AMD just flipped the script on Nvidia with a 77% rally in 2025. With revenue growth re-accelerating, AI design wins at OpenAI and IBM, and a forward P/E still below big-tech averages, the underdog chipmaker has room to run higher in 2026 even as Nvidia’s growth rate cools.
Last year delivered a plot twist no mega-cap bull expected: Advanced Micro Devices shares leapt 77%, leaving Nvidia’s 39% advance in the dust. The swing has traders asking whether 2025 was a one-off catch-up trade or the opening act of a sustainedAMD leadership phase.

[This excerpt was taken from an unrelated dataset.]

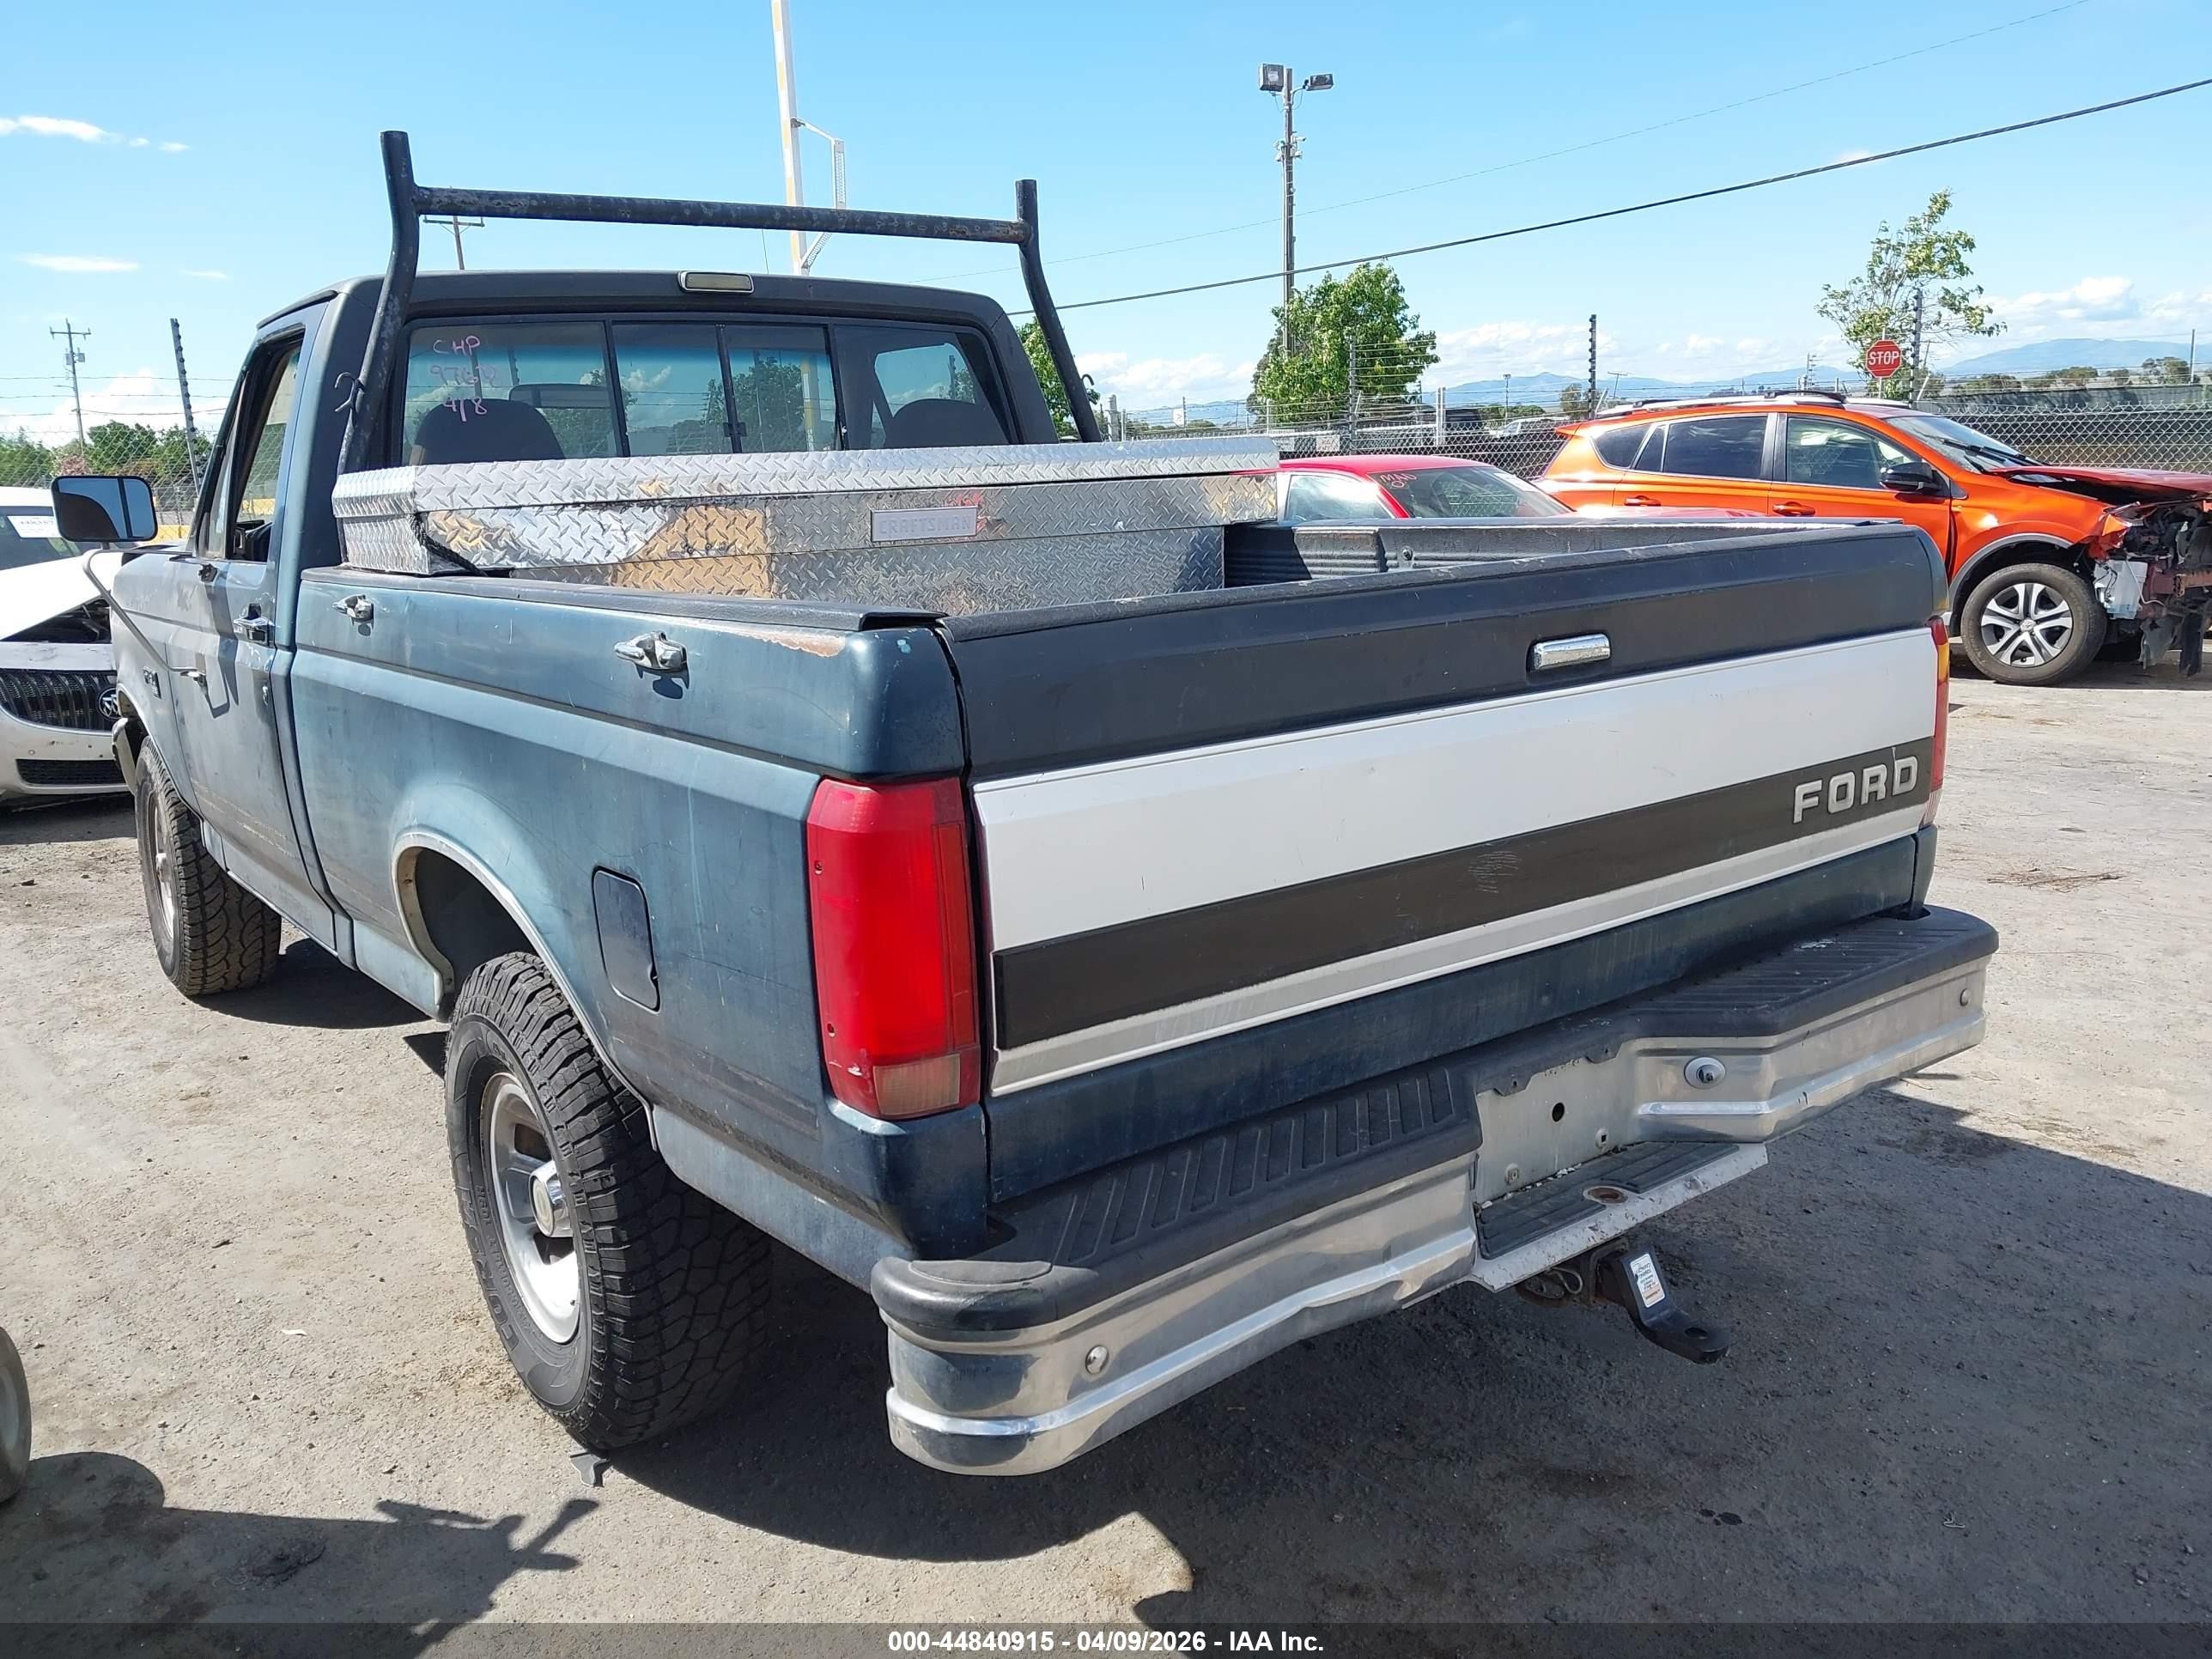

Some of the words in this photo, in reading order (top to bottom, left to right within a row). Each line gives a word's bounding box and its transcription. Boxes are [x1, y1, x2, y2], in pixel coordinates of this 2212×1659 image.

The 2025 Scoreboard: AMD’s Growth Re-Accelerates
AMD’s quarterly revenue growth has marched higher for four straight reports, while Nvidia’s year-over-year comps have decelerated from triple-digit peaks to low-double digits. CEO Lisa Su projects top-line expansion above 35% annually through 2028, driven by AI GPUs, server CPUs and embedded chips for quantum systems.
Design wins reinforce the optimism. OpenAI is testing AMD’s MI300 accelerators, and IBM lists Epyc CPUs as critical to scaling its next-gen quantum platform. Each marquee customer reduces Nvidia’s lock-in and expands AMD’s addressable market.
Valuation Reality Check: Earnings Still Favor Nvidia
Size skews simple comparisons. Nvidia’s market cap of $4.5 trillion dwarfs AMD’s $380 billion, yet trailing earnings tell an even starker story: Nvidia banked almost $100 billion in net income the past four quarters; AMD delivered $3.3 billion. On a trailing P/E basis AMD trades near 115× versus Nvidia’s 45×.
Forward consensus flips the script slightly: AMD’s 37× forward multiple is still loftier than Nvidia’s 24×, but both sit below mega-tech averages. If Su’s 35% growth forecast materializes, AMD’s earnings base should expand fast enough to compress that premium within four quarters.
What Could Go Wrong
- Margin risk: AMD’s AI GPUs sell at lower average selling prices than Nvidia’s H100/B200 flagship parts, pressuring gross margin if volumes don’t scale.
- Supply chain chokepoints: Both firms depend on TSMC’s 5/3 nm lines; any capacity tightness hits the smaller player harder.
- Capex arms race: Nvidia’s $100 billion cash pile funds both R&D and a rumored custom silicon foundry, potentially widening the technology gap.
What Could Go Right
- Share-of-wallet shifts: Hyperscalers aiming to diversify silicon suppliers may allocate 20-30% of AI builds to AMD, translating into billions in incremental sales.
- CPU-GPU bundling: AMD’s data-center CPU share is above 25%; pairing Epyc with MI300 creates bundled pricing power and stickier contracts.
- PC refresh cycle: Microsoft’s Windows 12 rollout and AI-on-device requirements could spike client CPU demand, another high-margin lever absent from pure-play GPU models.
Portfolio Takeaway
Nvidia remains the cash-flow king, but its valuation now bakes in perpetual dominance. AMD offers a levered play on AI adoption with a smaller earnings base and faster growth re-acceleration. For investors comfortable with higher beta, a tilt toward AMD in 2026 captures upside if the adoption curve broadens beyond a single-supplier ecosystem.